### Work required
Lines in the listing below that hold "PROPERTY" are the ones to copy.

### Extracted information
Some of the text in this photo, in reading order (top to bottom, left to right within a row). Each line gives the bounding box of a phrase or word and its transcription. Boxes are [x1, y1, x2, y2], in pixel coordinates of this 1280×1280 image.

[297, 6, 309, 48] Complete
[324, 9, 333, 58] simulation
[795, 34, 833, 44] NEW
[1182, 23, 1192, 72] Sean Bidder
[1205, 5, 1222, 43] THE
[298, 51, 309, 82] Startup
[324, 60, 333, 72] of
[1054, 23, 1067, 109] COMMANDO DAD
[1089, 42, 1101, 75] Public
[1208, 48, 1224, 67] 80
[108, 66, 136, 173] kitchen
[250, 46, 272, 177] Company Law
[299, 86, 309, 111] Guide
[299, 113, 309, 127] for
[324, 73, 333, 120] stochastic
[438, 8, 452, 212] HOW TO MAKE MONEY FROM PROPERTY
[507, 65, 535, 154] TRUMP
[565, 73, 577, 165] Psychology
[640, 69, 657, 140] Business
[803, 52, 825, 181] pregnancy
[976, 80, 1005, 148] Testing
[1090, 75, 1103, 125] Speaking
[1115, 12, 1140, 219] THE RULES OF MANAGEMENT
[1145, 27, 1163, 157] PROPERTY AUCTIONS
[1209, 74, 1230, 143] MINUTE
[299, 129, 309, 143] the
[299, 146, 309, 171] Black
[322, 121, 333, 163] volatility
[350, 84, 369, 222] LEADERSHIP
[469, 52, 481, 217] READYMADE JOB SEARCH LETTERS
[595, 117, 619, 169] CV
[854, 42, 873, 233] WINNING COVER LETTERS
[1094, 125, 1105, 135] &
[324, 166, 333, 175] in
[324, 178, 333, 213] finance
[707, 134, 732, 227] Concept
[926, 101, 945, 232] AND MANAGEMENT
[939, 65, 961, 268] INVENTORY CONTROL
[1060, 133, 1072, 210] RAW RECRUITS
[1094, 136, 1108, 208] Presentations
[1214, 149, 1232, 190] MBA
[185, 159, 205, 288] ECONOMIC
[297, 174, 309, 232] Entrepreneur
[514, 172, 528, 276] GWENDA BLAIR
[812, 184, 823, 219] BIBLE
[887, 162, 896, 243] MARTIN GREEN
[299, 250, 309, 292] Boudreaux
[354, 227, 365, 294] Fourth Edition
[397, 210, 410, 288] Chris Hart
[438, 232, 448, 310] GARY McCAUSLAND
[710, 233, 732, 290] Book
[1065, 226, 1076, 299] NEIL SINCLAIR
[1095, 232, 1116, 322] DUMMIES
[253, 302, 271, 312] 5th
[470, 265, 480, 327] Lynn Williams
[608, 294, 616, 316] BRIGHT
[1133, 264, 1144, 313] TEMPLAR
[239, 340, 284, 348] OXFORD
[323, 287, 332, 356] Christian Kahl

### Answer to this problem
[438, 8, 452, 212] HOW TO MAKE MONEY FROM PROPERTY
[1145, 27, 1163, 157] PROPERTY AUCTIONS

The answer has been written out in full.